The complaint claims that the Federal Ministry of Environment and Tourism has failed to require the plant to comply with the Industrial Emissions Directive pollution limits for new plants. Instead the Ministry required only older, less stringent standards for SO2 and dust. As a consequence additional investments may be needed once the plant is built.
This complaint is the latest in a series of legal moves by NGOs against planned new coal power plants in the country due to their adverse health and climate impacts.
The environmental permits for new Tuzla 7 and Banovići power plants in the Federation of Bosnia and Herzegovina entity have been targeted by three lawsuits at the Sarajevo Cantonal Court requesting the cancellation of the permits that were issued by the Federal Ministry of Environment and Tourism. In addition, an official complaint against Bosnia and Herzegovina was submitted to the Energy Community Secretariat regarding unclear pollution control limits for the Banovići plant, this July.
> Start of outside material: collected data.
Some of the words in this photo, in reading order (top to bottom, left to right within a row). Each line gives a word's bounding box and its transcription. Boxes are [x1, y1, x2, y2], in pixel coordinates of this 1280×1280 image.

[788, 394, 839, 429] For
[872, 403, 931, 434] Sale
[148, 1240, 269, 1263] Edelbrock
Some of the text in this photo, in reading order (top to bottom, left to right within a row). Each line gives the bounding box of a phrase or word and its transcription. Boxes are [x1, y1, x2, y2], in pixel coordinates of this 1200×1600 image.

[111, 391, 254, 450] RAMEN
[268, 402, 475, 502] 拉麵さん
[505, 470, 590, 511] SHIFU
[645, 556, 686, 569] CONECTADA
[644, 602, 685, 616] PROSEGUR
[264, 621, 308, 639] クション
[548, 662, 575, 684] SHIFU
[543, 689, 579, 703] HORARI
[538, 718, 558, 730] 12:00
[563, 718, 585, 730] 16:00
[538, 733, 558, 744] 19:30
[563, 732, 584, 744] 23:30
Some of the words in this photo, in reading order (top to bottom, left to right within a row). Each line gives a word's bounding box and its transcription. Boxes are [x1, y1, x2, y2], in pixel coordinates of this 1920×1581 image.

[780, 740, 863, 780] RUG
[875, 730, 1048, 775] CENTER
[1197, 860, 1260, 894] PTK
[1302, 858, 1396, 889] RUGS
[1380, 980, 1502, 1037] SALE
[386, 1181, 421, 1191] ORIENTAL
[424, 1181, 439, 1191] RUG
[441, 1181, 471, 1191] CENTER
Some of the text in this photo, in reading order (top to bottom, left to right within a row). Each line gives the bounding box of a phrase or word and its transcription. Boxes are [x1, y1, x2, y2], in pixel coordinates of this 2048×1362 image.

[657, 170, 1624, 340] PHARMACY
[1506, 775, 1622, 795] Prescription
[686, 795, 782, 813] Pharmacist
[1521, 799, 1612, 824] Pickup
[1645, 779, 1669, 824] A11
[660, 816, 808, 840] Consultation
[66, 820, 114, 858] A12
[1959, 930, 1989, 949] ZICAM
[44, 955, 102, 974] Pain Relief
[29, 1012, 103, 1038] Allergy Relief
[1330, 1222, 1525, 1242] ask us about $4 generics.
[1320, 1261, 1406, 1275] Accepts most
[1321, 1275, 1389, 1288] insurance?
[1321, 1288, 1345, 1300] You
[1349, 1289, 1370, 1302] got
In the Republika Srpska entity, a lawsuit against the environmental permit for the recently inaugurated Stanari power plant has been submitted by the Center for Environment for Banja Luka, along with an appeal seeking the cancellation of the environmental permit for the Ugljevik III power plant. The group also filed a complaint to the Energy Community dispute settlement mechanism regarding pollution limits for the Ugljevik III power plant in December 2014.
The latest complaint comes at the time when Bosnia and Herzegovina hosted the Energy Community Ministerial Council meeting in Sarajevo as the culmination of its year-long presidency of the regional energy body. During the meeting, new stricter environmental impact assessment standards were adopted, bringing the Treaty up to date with changes in the EU.
“More than ten years since the entry into force of the Energy Community Treaty, the Bosnia and Herzegovina authorities have proven themselves incapable or unwilling of correctly implementing one of the most basic obligations of the Treaty – the environmental impact assessment process. Now the Ministerial Council has adopted stricter legislation and our authorities haven’t even managed to properly implement the current obligations”, commented Rijad Tikveša, President of Ekotim.
“We’ve been warning the authorities for several years that under the Energy Community Treaty, any new power plants coming online after 1 January 2018 have to be in line with the EU Industrial Emissions Directive, but the Bosnia and Herzegovina authorities have failed to include this requirement in new environmental permits”, he added.
“It’s anyway incomprehensible that the Bosnia and Herzegovina authorities are approving new climate- and health-damaging coal power plants at all, when EU climate policies and low electricity prices will almost certainly render them uneconomic. Solar and wind prices are falling rapidly but Bosnia and Herzegovina is failing to take advantage of these plentiful resources”, added Igor Kalaba, Energy and Climate Change Program Coordinator of Center for Environment.